Vandergrift was involved in the conflicts in the oil regions of Western Pennsylvania in the 1860s–1870s. Eventually, Union Tank Car Company and his other holdings, which included pipeline and riverboat transport companies, merged with the company that later became Standard Oil. Rockefeller, once Captain Vandergrift's nemesis, made him Vice President of Standard Oil. Captain Jacob J. Vandergrift also had a town built and named in his honor by George G. McMurtry in Western Pennsylvania in 1895.

Standard Oil was better known for lubrication than for transportation, but a key to its success was Union Tank Line, its railcar subsidiary. Standard Oil leader John D. Rockefeller used tank cars as his "secret weapon" to dominate the industry by gaining control of oil shipping. As Rockefeller spiraled upward in the oil industry, he expanded his domination of rail transportation by taking over several railcar suppliers until almost all tank cars carried the now- familiar UTLX identification.

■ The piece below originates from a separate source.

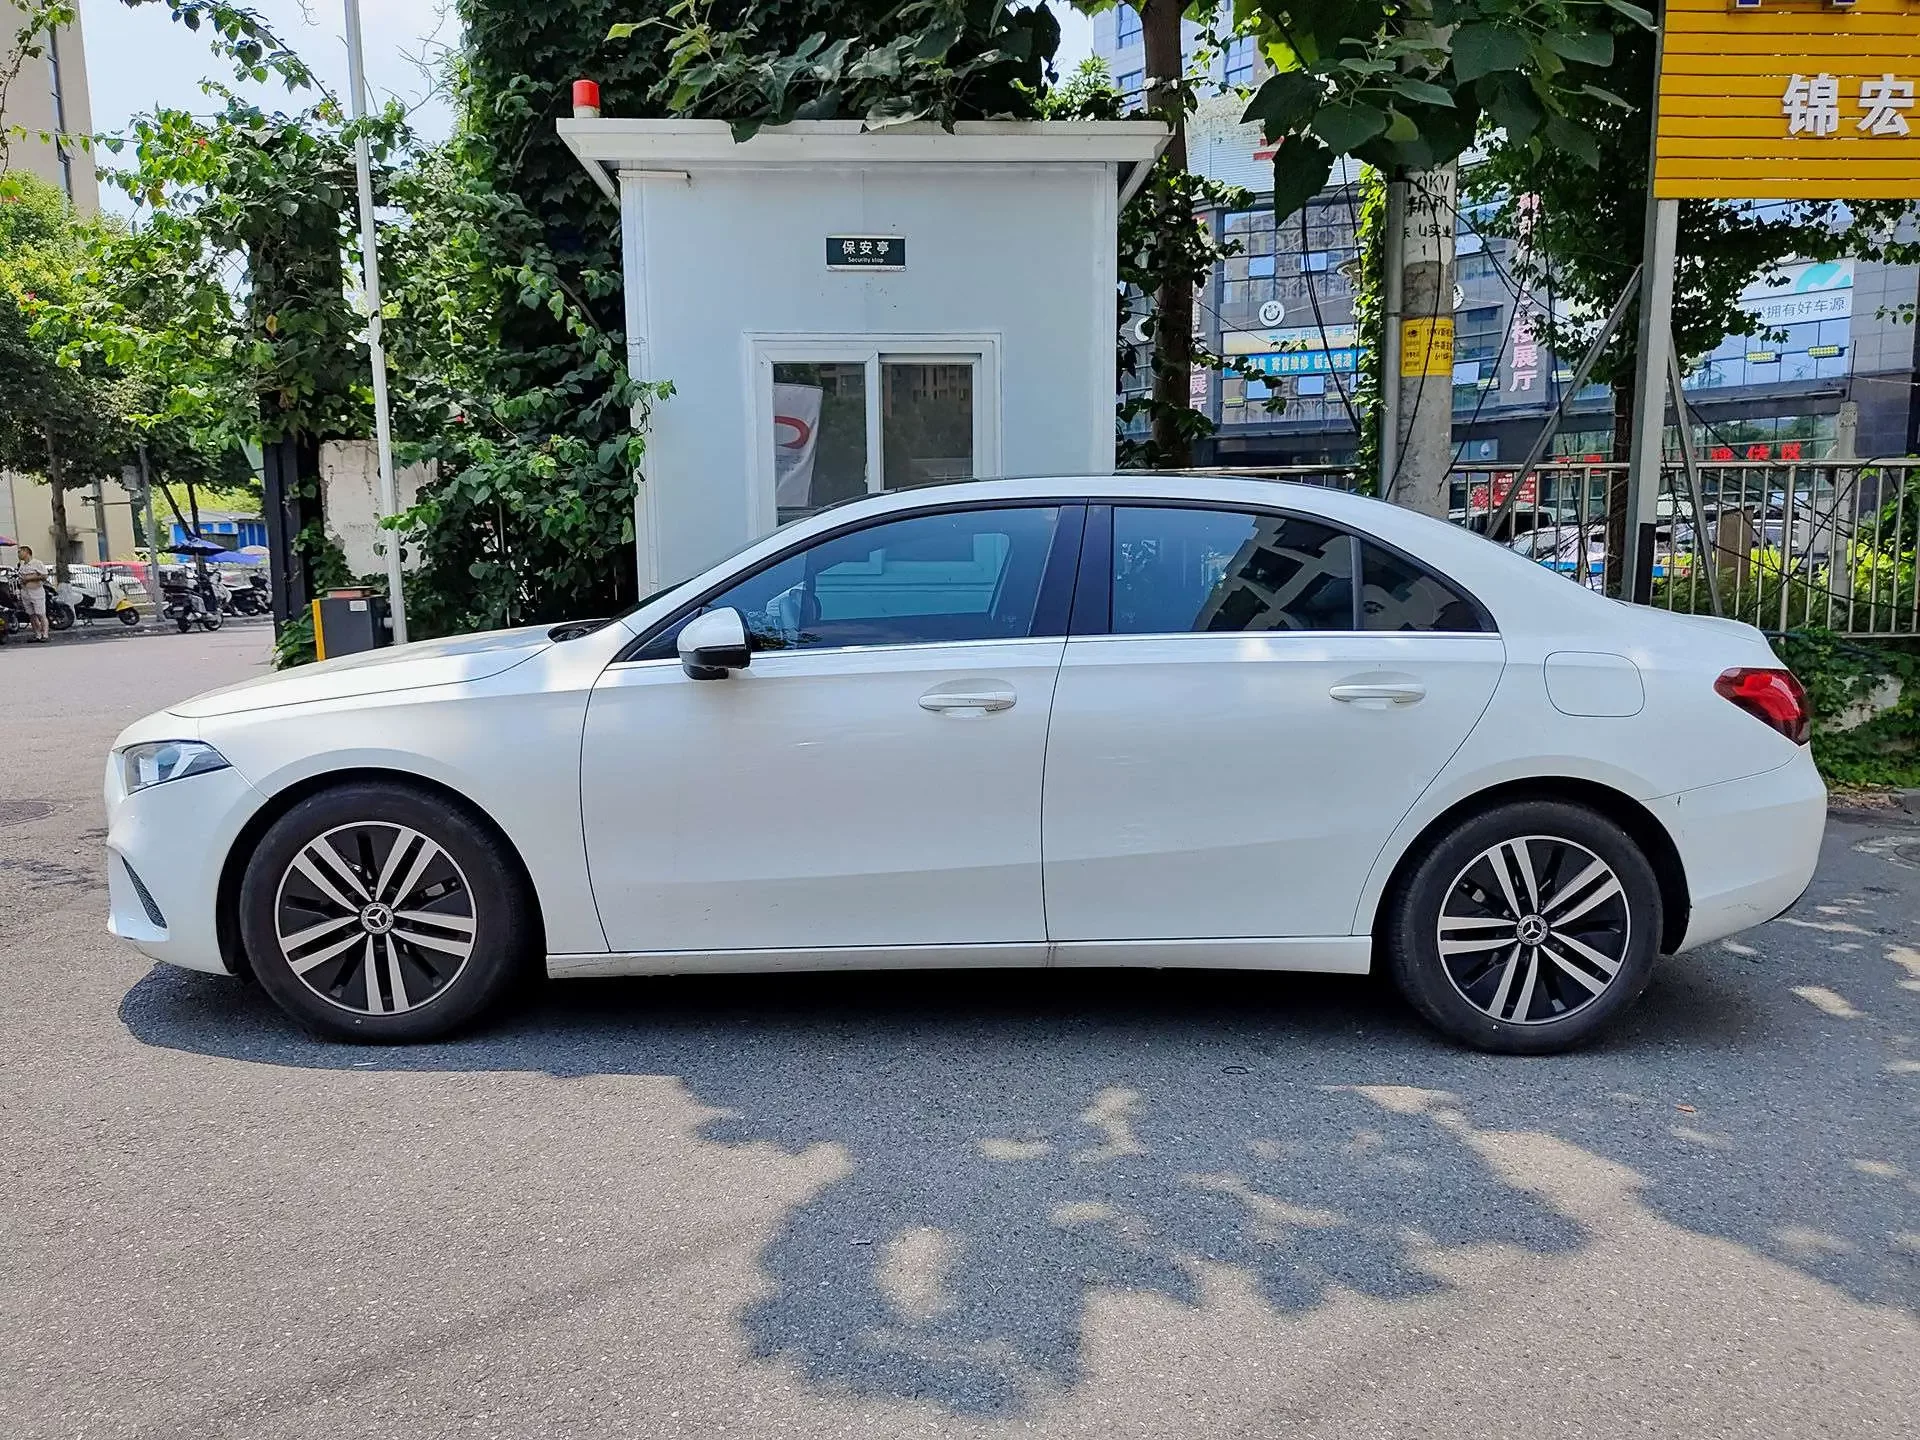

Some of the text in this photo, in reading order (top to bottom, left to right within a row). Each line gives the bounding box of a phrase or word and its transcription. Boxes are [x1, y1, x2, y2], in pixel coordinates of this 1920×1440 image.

[1782, 73, 1915, 137] 锦宏
[842, 240, 889, 255] 保安亭
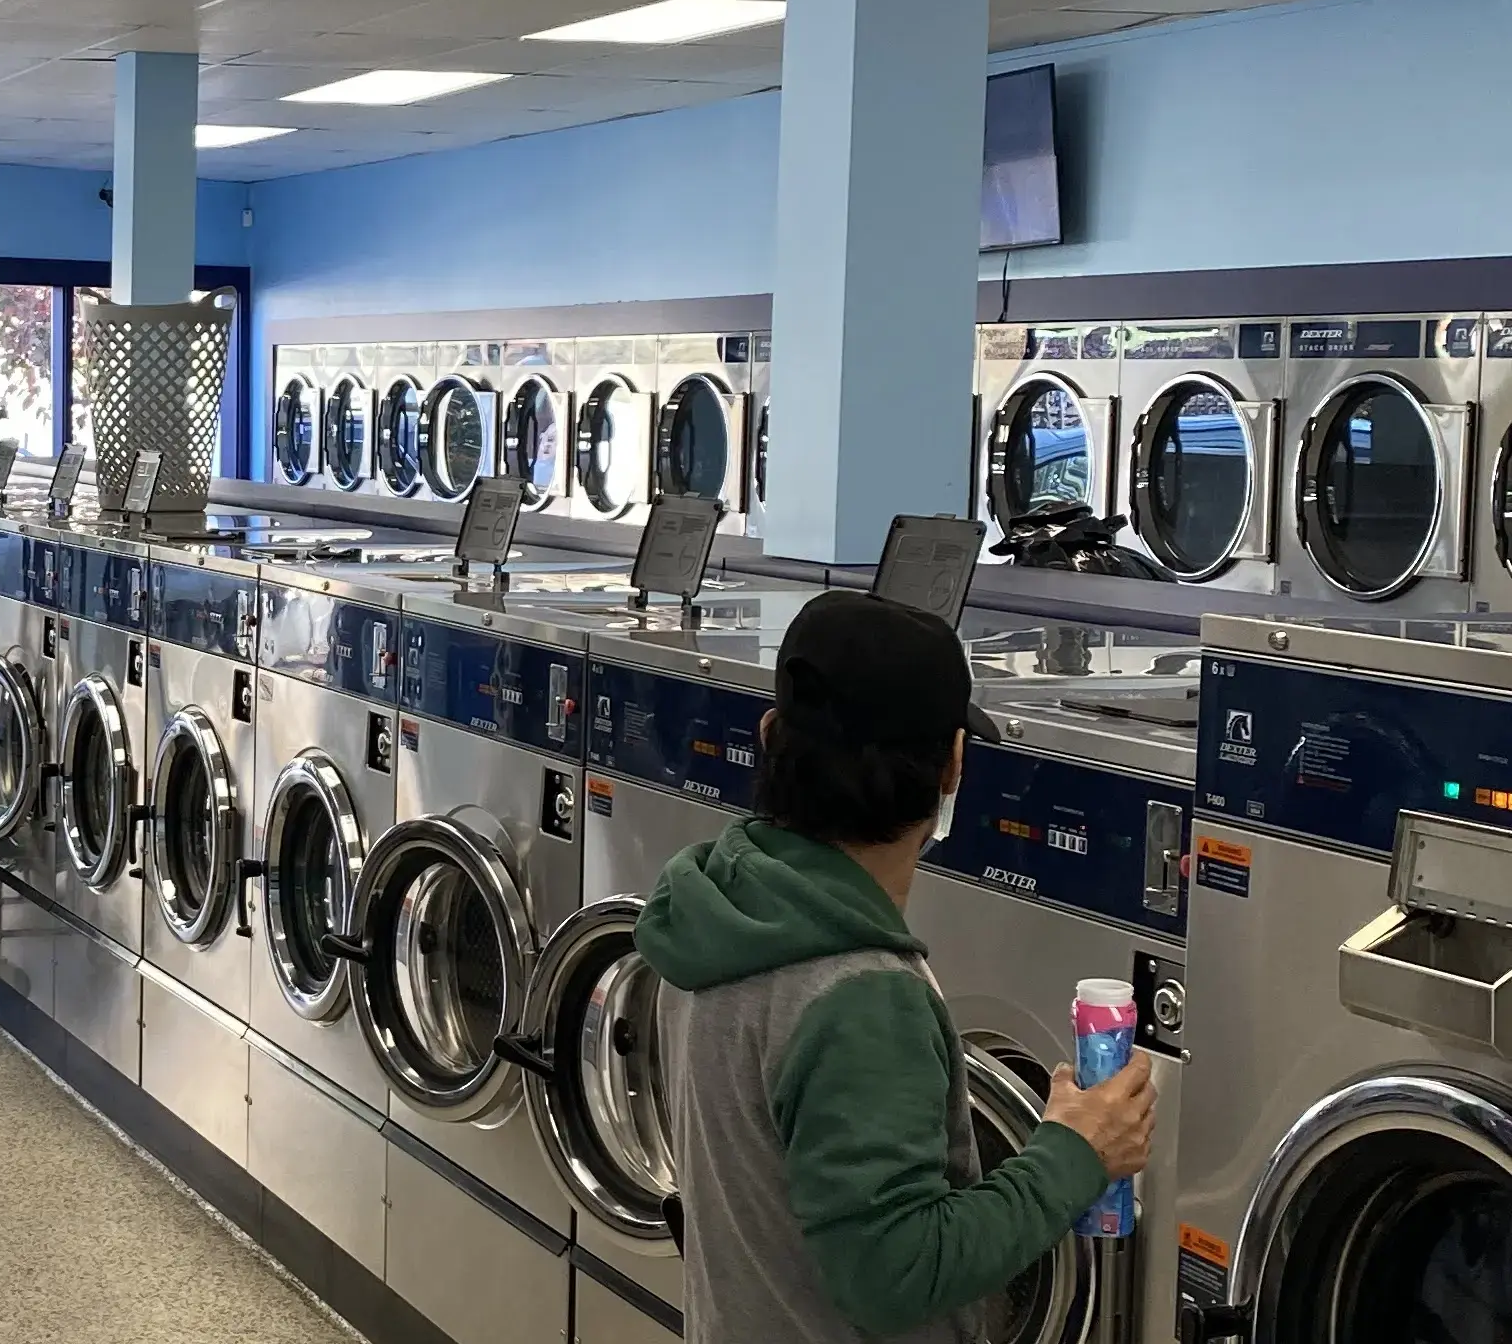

When federal and state governments began flexing their new regulatory muscle against the monopoly, Union Tank Line was an obvious target. On July 14, 1891, the Standard trust dodged the legal assault by forming a "separate" corporation, the Union Tank Line Company, dedicated to transportation. Though Union Tank Line was now technically independent, it was still owned by Standard Oil and served only the company's refineries. When the U.S. Supreme Court broke up Standard in 1911, Union Tank Line's 40 employees faced a new crisis. Previously the company's only mission was to provide efficient transportation for all Standard refineries.  In 1919 Union Tank Line bolstered its finances by listing on the New York Stock Exchange. Executives changed its name to Union Tank Car Company so investors wouldn't misperceive it as one of the railroads which had recently come under tight ICC regulation.

TransUnion was formed as a holding company in 1968, and began acquiring credit bureaus. The Marmon Group acquired TransUnion in 1981.  Union Tank Car Company is still owned by Marmon, which in turn is a 100% owned subsidiary of Berkshire Hathaway.